> _TASK_: Copy the listing exactly, images excluded.

> _DATA FOR PROCESSING_:
------
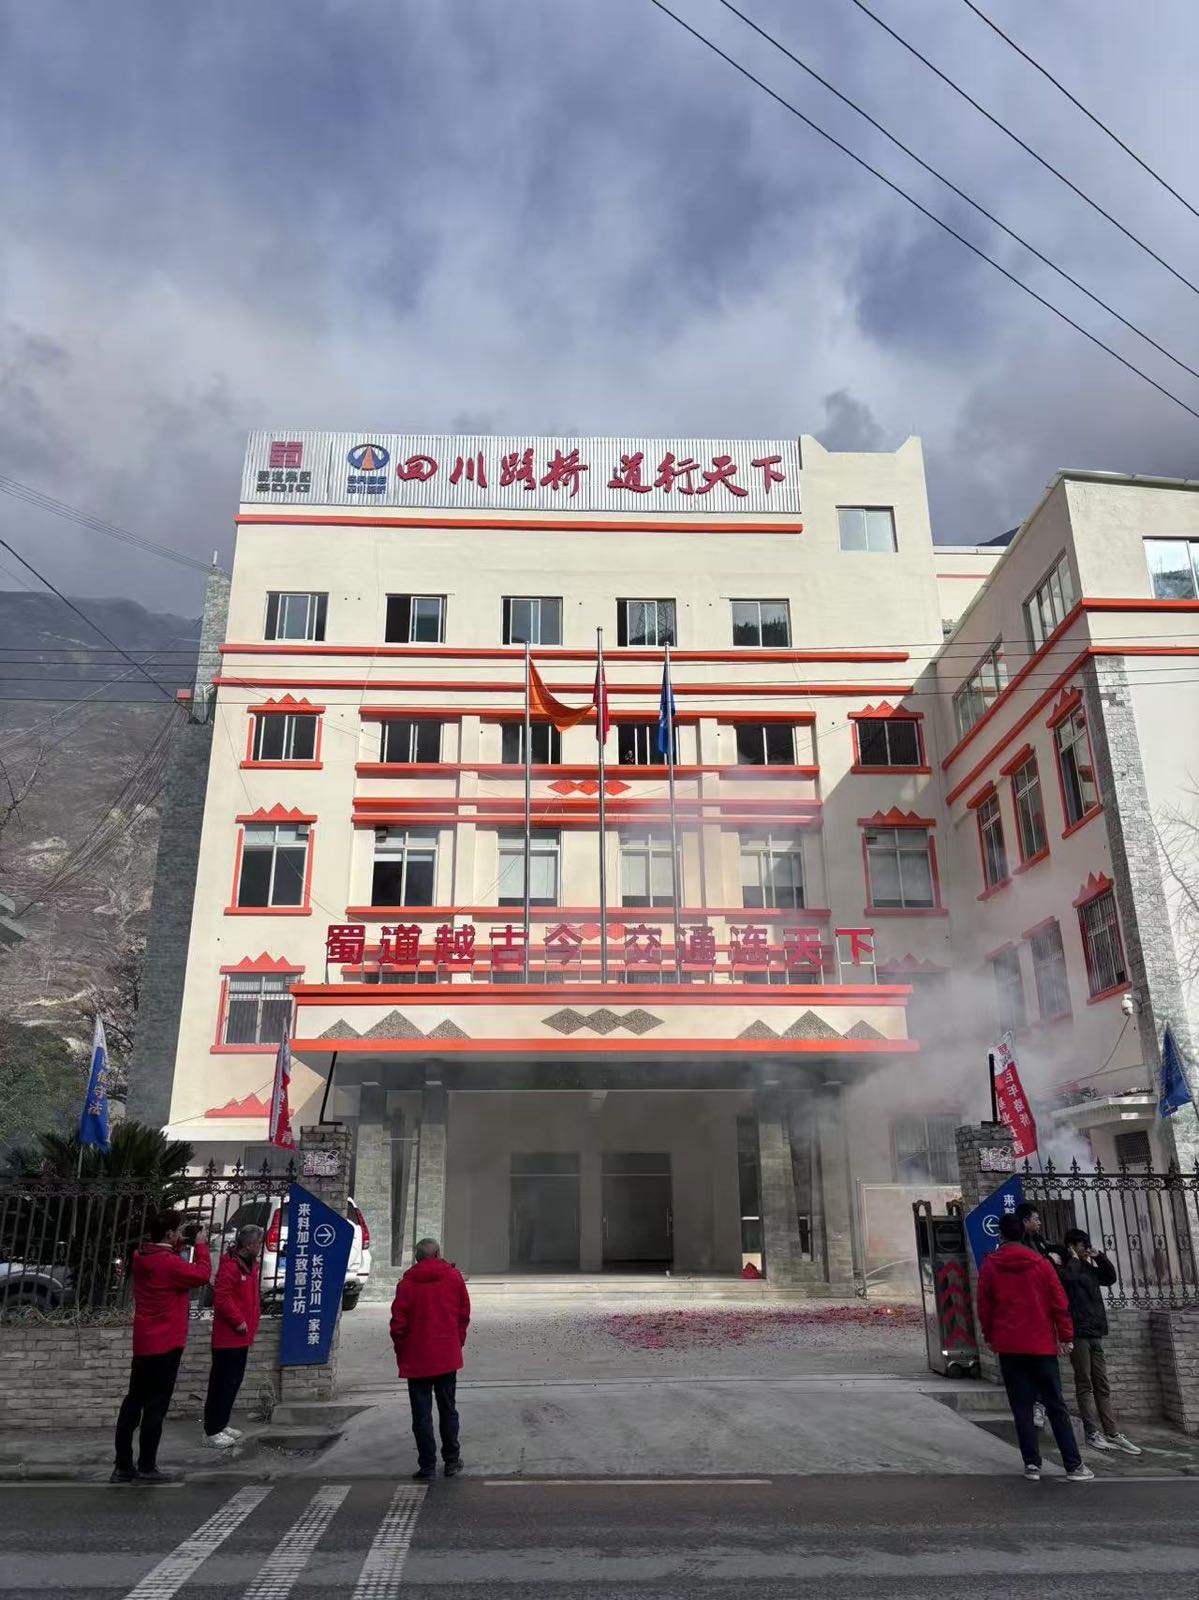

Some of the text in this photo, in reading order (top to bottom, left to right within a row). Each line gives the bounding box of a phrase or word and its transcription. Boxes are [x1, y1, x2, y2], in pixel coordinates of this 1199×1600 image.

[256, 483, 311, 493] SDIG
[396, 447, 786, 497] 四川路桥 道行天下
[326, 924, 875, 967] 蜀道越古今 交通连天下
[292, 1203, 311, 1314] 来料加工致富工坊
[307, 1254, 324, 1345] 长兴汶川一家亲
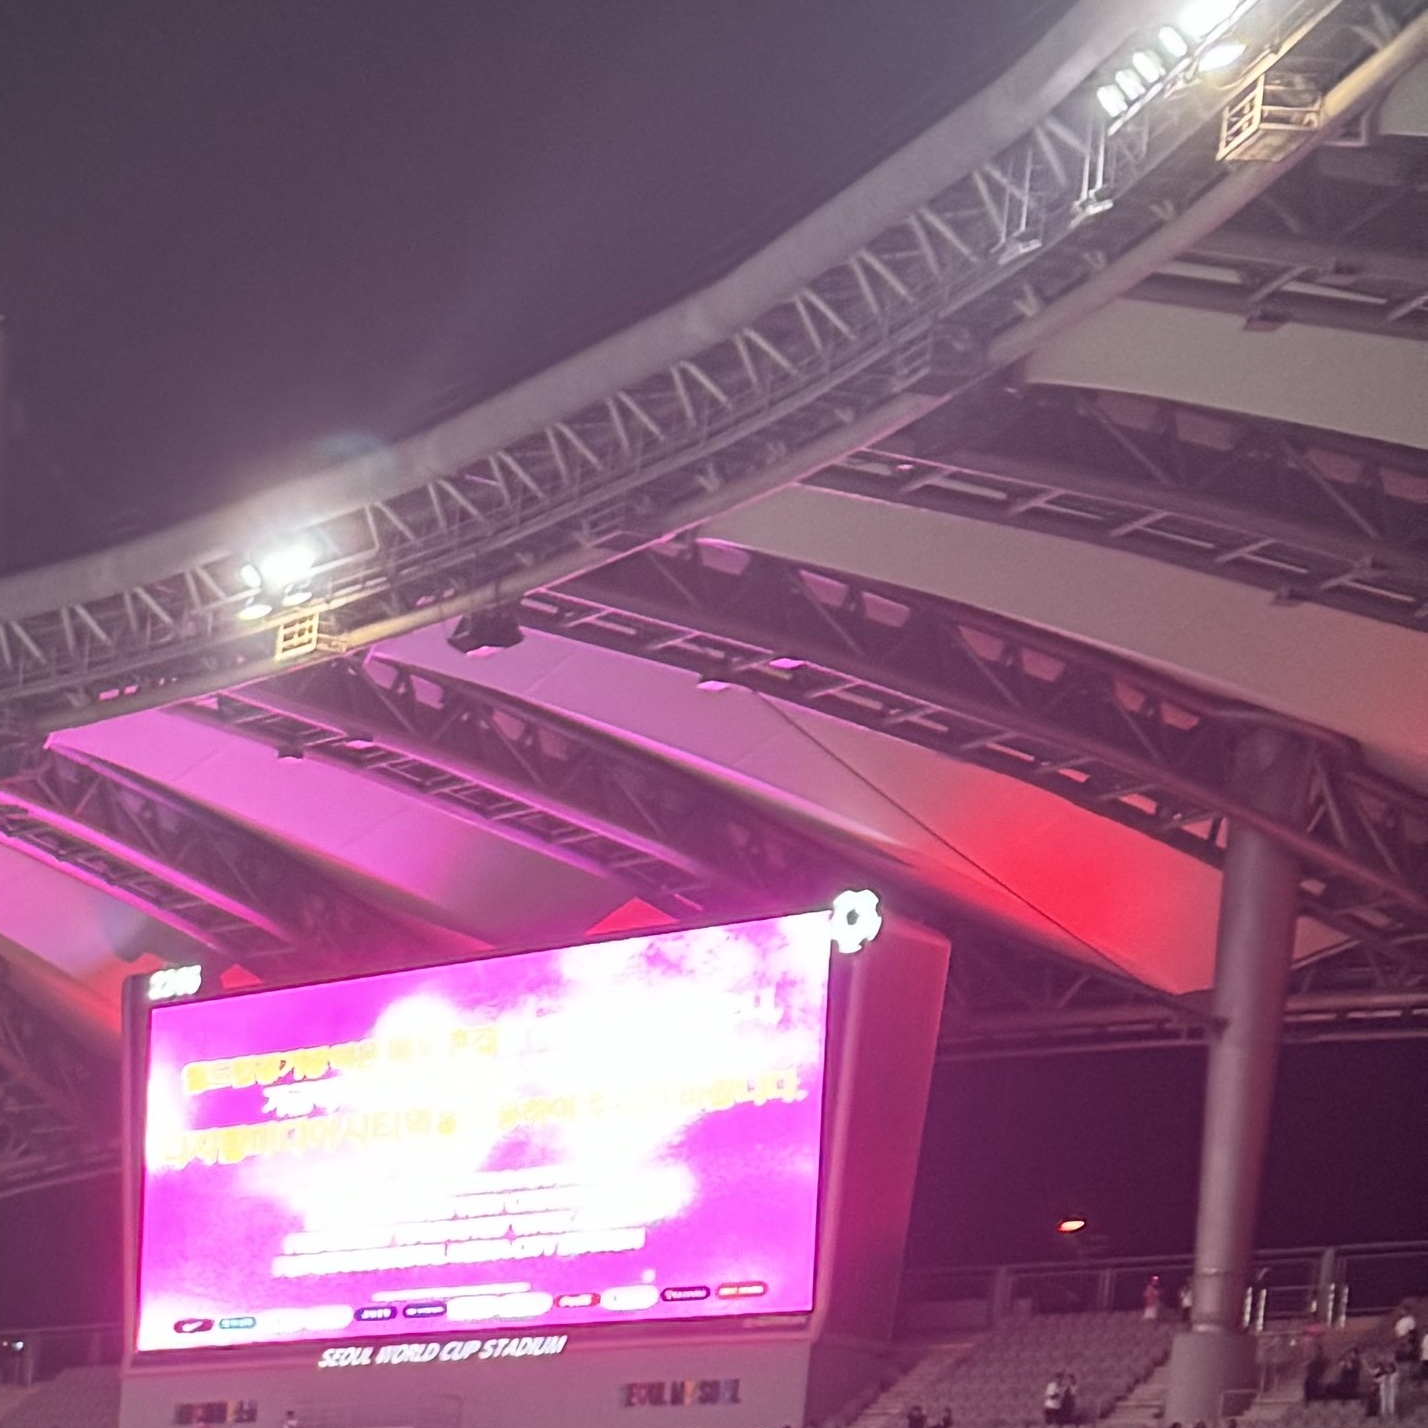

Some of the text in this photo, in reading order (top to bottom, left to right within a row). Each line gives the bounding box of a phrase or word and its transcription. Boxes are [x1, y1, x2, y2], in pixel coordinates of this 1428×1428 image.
------
> _OUTPUT OF THE EXERCISE_:
Some of the text in this photo, in reading order (top to bottom, left to right within a row). Each line gives the bounding box of a phrase or word and its transcription. Boxes are [x1, y1, x2, y2], in pixel coordinates of this 1199×1600 image.

[256, 483, 311, 493] SDIG
[396, 447, 786, 497] 四川路桥 道行天下
[326, 924, 875, 967] 蜀道越古今 交通连天下
[292, 1203, 311, 1314] 来料加工致富工坊
[307, 1254, 324, 1345] 长兴汶川一家亲

Some of the text in this photo, in reading order (top to bottom, left to right within a row). Each line gives the bounding box of a phrase or word and its transcription. Boxes are [x1, y1, x2, y2], in pixel coordinates of this 1428×1428 image.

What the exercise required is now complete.